Stored entries →
------

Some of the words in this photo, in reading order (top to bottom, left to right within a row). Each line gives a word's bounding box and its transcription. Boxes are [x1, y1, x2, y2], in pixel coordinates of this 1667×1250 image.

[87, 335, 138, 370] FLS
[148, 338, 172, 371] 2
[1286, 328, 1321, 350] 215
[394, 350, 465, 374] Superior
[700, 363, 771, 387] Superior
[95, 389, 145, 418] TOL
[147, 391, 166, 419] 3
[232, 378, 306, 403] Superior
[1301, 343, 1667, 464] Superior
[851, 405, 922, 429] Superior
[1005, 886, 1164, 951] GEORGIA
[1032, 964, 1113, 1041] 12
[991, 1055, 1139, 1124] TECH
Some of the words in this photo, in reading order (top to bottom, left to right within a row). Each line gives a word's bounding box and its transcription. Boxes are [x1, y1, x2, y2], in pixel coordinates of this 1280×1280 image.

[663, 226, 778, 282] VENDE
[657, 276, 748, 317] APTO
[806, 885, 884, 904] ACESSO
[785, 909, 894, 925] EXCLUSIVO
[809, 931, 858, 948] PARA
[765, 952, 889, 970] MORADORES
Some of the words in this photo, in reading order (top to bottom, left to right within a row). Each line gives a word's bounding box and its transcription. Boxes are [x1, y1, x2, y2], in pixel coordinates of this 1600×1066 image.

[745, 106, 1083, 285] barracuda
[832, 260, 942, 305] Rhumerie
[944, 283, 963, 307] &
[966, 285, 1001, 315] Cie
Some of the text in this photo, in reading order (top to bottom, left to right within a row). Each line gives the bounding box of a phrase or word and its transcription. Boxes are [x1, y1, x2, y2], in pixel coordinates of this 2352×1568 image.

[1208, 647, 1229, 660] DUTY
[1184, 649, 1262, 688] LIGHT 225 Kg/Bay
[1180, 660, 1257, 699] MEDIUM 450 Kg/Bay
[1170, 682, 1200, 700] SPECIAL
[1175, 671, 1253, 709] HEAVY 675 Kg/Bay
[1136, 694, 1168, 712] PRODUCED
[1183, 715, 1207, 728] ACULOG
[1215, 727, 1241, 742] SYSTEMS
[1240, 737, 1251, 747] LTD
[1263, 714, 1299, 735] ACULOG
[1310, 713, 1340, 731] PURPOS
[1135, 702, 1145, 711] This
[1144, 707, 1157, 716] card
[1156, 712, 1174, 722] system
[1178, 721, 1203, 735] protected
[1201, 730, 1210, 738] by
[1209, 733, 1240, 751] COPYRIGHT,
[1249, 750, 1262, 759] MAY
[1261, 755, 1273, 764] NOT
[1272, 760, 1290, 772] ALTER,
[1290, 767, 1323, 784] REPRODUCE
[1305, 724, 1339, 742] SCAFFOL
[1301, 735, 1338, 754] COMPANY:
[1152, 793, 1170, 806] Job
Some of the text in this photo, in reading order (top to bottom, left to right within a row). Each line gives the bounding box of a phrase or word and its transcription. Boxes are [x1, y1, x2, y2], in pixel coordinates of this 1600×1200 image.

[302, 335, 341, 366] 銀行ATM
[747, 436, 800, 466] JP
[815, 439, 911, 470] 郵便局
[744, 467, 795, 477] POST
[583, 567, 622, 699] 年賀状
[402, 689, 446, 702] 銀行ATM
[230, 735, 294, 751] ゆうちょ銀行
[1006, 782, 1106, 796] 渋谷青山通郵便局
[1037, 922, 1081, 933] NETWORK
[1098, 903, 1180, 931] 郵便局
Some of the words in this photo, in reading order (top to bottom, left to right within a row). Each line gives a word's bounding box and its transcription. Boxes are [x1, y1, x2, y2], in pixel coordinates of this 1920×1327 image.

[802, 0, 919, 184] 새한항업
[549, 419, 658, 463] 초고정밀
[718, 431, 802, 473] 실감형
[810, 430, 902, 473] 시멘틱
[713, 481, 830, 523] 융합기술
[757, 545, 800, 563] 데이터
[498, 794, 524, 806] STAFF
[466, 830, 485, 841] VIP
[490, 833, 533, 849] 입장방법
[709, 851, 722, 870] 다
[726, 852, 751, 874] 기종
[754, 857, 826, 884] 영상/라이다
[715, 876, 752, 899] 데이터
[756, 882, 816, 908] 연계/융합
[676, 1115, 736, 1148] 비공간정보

------

Task prompt →
Write out each line exactly, starting with the line that contains "this 1920×1327 image." and stopping after the last line of the data.

Output for this exercise →
Some of the words in this photo, in reading order (top to bottom, left to right within a row). Each line gives a word's bounding box and its transcription. Boxes are [x1, y1, x2, y2], in pixel coordinates of this 1920×1327 image.

[802, 0, 919, 184] 새한항업
[549, 419, 658, 463] 초고정밀
[718, 431, 802, 473] 실감형
[810, 430, 902, 473] 시멘틱
[713, 481, 830, 523] 융합기술
[757, 545, 800, 563] 데이터
[498, 794, 524, 806] STAFF
[466, 830, 485, 841] VIP
[490, 833, 533, 849] 입장방법
[709, 851, 722, 870] 다
[726, 852, 751, 874] 기종
[754, 857, 826, 884] 영상/라이다
[715, 876, 752, 899] 데이터
[756, 882, 816, 908] 연계/융합
[676, 1115, 736, 1148] 비공간정보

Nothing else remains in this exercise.